Esteemed Reader of Our Magazine:
Returning from a calorific afternoon of ice-skating, I was driving home with my two boys. We were relaxed from the thrill and speed and effort of skating, and everyone was in a good mood.
"I had a dream, dad," my son, who's nine, spoke from the seat next to me in the car, as we sped through valley formed by precipices of snow rising up on both sides of the road. "You want to hear it?"
"Of course!" I said, preparing to focus as much attention as I could spare on his telling.
"Well, it was like this," he began. "I was running over hills and down into valleys, running away from a monster. It was terrifying, because every time I looked back the monster was closer. Finally, I realized I wasn't going to be able to get away and I turned around. The monster was on a hill on the opposite side of a valley, about 30 feet away, and he stopped too. We just looked at each other."
The younger brother was leaning forward from the back seat, straining to hear the story over the din of the road.
"Talk louder!" he said, "I can't hear."
"Put your seatbelt back on!" I shouted back to him. And he did.
The older boy continued, "The monster said, 'I have the power to destroy you!'"
I slowed the car to allow a very furry deer to cross the road in front of the car.
"So what did you do?!" younger brother called from the back.
"I said to the monster, 'Yeah, well, I have the power—to wake up!"

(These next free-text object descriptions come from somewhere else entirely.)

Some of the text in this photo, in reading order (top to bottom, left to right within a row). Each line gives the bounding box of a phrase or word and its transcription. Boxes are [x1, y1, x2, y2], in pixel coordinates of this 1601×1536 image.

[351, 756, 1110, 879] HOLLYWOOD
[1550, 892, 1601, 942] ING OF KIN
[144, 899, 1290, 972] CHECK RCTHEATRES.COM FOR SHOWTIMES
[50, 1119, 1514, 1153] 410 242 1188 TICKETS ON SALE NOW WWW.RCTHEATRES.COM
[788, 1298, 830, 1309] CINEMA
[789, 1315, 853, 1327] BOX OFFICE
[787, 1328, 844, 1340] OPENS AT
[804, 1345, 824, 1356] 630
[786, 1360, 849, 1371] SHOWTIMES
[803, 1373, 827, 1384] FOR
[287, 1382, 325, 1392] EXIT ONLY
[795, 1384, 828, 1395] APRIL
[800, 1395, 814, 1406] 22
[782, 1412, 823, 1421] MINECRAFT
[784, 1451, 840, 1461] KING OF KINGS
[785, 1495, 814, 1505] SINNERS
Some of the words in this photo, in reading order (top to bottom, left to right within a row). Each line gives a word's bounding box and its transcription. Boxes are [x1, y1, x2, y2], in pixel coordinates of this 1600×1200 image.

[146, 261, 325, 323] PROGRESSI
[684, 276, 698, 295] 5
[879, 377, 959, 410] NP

"So, then what happened?" I asked.
"I woke up," he said.
A chuckle rose up in me like the beginning of far-off thunder, and then became a deep, full, delighted laugh. The boy in the back began to laugh also. It sounded like a laughing duet.
"What's so funny?!" asked the teller.
I paused, wondering how to describe the source of my delight.

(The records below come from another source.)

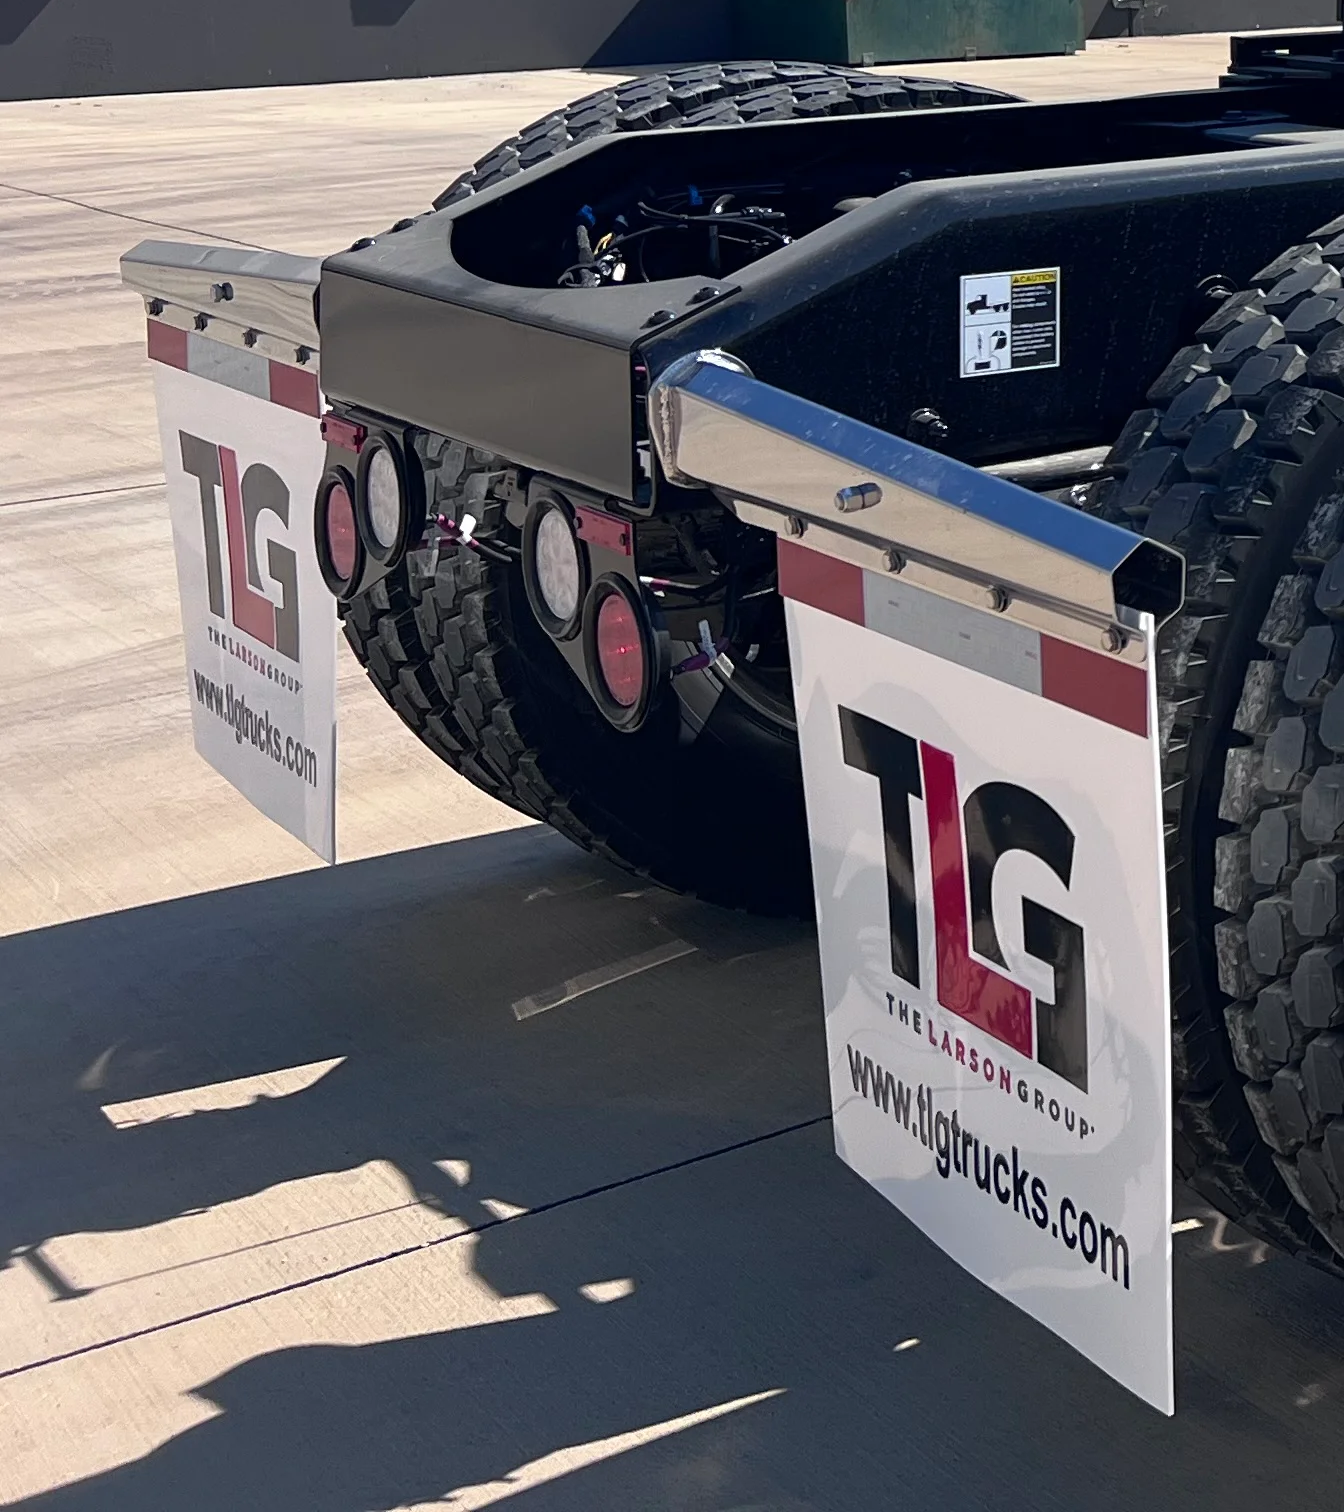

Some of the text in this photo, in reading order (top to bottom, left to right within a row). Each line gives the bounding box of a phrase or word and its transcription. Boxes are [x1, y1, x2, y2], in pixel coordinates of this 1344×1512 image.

[1020, 273, 1056, 284] CAUTION
[178, 429, 301, 663] TLG
[208, 626, 228, 651] THE
[194, 668, 318, 787] www.tlgtrucks.com
[838, 703, 1089, 1095] TLG
[885, 991, 1090, 1140] THE LARSON GROUP
[846, 1043, 1130, 1290] www.tlgtrucks.com

"Come on, dad. What's so funny?"
"Well, what you did in your dream is what we have to do in life, whenever there's something we're afraid of. We always have the power to wake up from the dream of the moment and see what's real. Your dream is a teaching dream. It's so beautiful, it makes me happy to hear it," I said.
"Yeah, I see that," the boy said.
We continued driving in silence for awhile.
"You know, dad, there's different kinds of knowing. There's knowing about things—you know, that stuff you're always talking about—and then there's knowing things directly."
"Do you think your dream was a way of knowing directly?" I asked.
"Yeah. Which one do you think is better?"
"I think knowing directly is infinitely better. That's why I love your dream."
"Yeah, I do too. But knowing about things can be useful too."
"Yeah," I agreed.
The conversation quickly changed to being about skating, and sledding, and snow, and we haven't returned to it since. But the boy's dream has stayed with me.
I see how often my attention is captured by fear of loss, concern for the future, or a perceived slight or insult. I watch my whole being contract around the concern, and become a tight ball of self-protective self-concern.
In some of these moments, by a kind of grace, I find enough attention to see myself in this disposition, this defensive asana. The glimpse, like a snapshot of the anxious sensing-thinking-feeling organism, is looking the monster in the eyes.
Seeing the monster that seems intent on destroying me, I realize that the same power I am giving the monster to destroy me can be used to wake up as though from a bad dream.
"Well, I have the power to wake up!" I say to the mis-identification. And I do.